● **DATA FOR PROCESSING**
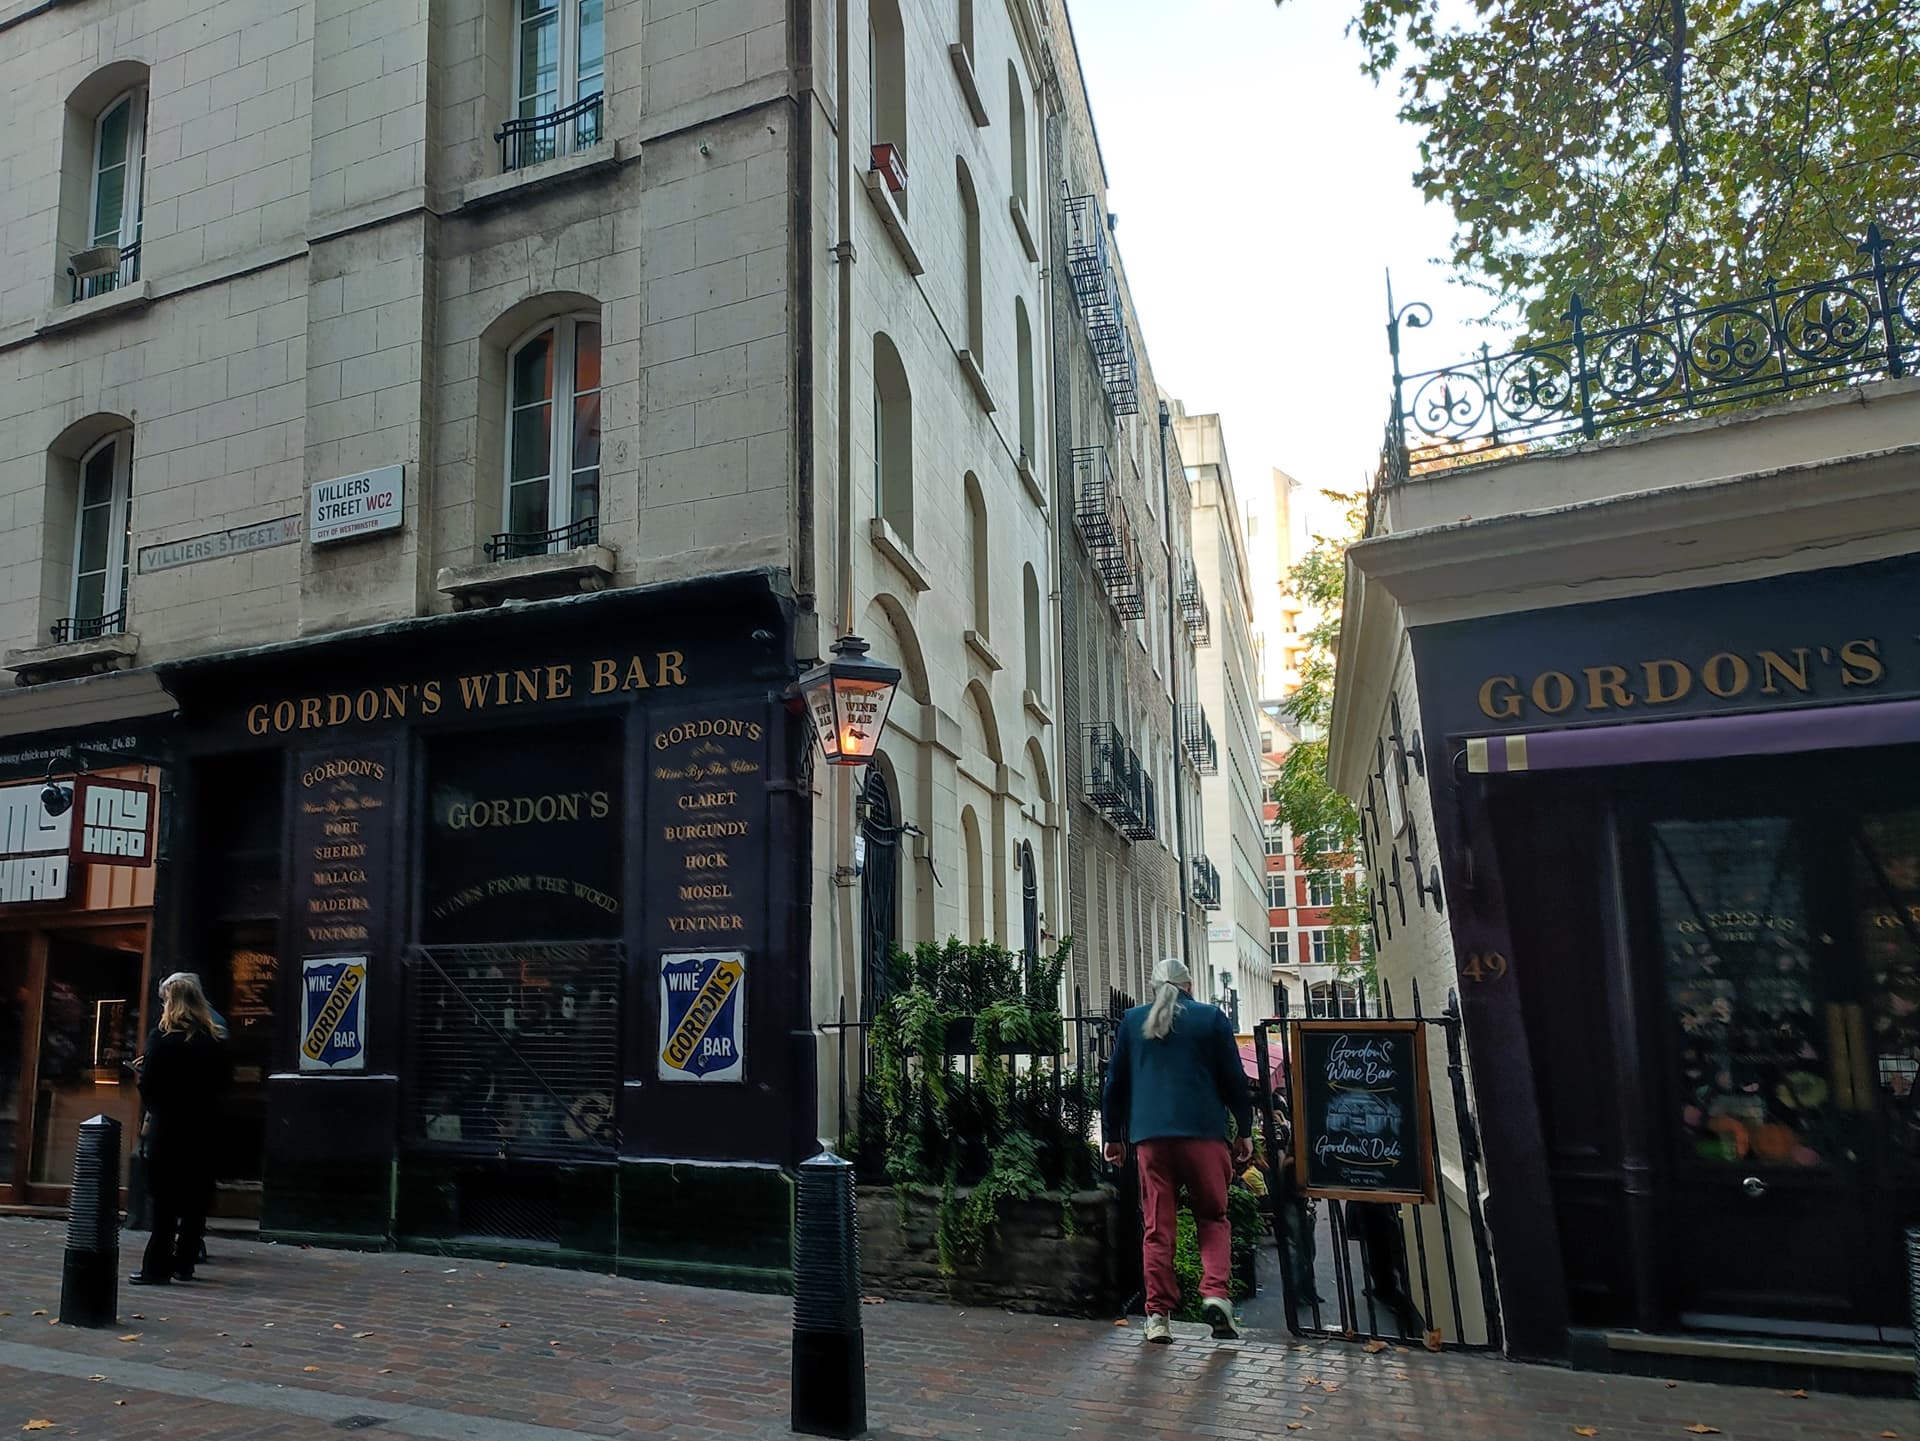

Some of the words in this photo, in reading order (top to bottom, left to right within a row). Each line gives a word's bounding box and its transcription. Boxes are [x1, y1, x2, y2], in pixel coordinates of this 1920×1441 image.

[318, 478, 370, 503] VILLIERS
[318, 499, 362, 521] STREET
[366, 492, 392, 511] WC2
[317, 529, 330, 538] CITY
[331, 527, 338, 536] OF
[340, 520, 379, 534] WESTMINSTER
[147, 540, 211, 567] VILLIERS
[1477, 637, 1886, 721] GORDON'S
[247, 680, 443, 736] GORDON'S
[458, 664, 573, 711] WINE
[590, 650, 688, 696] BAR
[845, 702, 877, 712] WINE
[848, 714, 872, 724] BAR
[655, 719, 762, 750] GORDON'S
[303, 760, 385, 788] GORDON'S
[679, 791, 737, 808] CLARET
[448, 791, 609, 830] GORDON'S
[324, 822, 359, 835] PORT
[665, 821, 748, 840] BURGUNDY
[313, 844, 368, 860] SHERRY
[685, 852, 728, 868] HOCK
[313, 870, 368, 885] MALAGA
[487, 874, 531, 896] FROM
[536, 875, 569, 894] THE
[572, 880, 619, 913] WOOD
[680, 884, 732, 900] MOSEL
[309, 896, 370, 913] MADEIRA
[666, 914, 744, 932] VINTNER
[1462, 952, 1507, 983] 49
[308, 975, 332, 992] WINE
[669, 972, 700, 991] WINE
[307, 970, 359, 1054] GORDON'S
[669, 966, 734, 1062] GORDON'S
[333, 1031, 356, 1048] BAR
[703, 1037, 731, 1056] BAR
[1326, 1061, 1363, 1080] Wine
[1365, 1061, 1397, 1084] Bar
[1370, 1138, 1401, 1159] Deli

● **ASSIGNMENT**
Drop the pictures; repeat the listing above exactly.

● **TASK OUTPUT**
Some of the words in this photo, in reading order (top to bottom, left to right within a row). Each line gives a word's bounding box and its transcription. Boxes are [x1, y1, x2, y2], in pixel coordinates of this 1920×1441 image.

[318, 478, 370, 503] VILLIERS
[318, 499, 362, 521] STREET
[366, 492, 392, 511] WC2
[317, 529, 330, 538] CITY
[331, 527, 338, 536] OF
[340, 520, 379, 534] WESTMINSTER
[147, 540, 211, 567] VILLIERS
[1477, 637, 1886, 721] GORDON'S
[247, 680, 443, 736] GORDON'S
[458, 664, 573, 711] WINE
[590, 650, 688, 696] BAR
[845, 702, 877, 712] WINE
[848, 714, 872, 724] BAR
[655, 719, 762, 750] GORDON'S
[303, 760, 385, 788] GORDON'S
[679, 791, 737, 808] CLARET
[448, 791, 609, 830] GORDON'S
[324, 822, 359, 835] PORT
[665, 821, 748, 840] BURGUNDY
[313, 844, 368, 860] SHERRY
[685, 852, 728, 868] HOCK
[313, 870, 368, 885] MALAGA
[487, 874, 531, 896] FROM
[536, 875, 569, 894] THE
[572, 880, 619, 913] WOOD
[680, 884, 732, 900] MOSEL
[309, 896, 370, 913] MADEIRA
[666, 914, 744, 932] VINTNER
[1462, 952, 1507, 983] 49
[308, 975, 332, 992] WINE
[669, 972, 700, 991] WINE
[307, 970, 359, 1054] GORDON'S
[669, 966, 734, 1062] GORDON'S
[333, 1031, 356, 1048] BAR
[703, 1037, 731, 1056] BAR
[1326, 1061, 1363, 1080] Wine
[1365, 1061, 1397, 1084] Bar
[1370, 1138, 1401, 1159] Deli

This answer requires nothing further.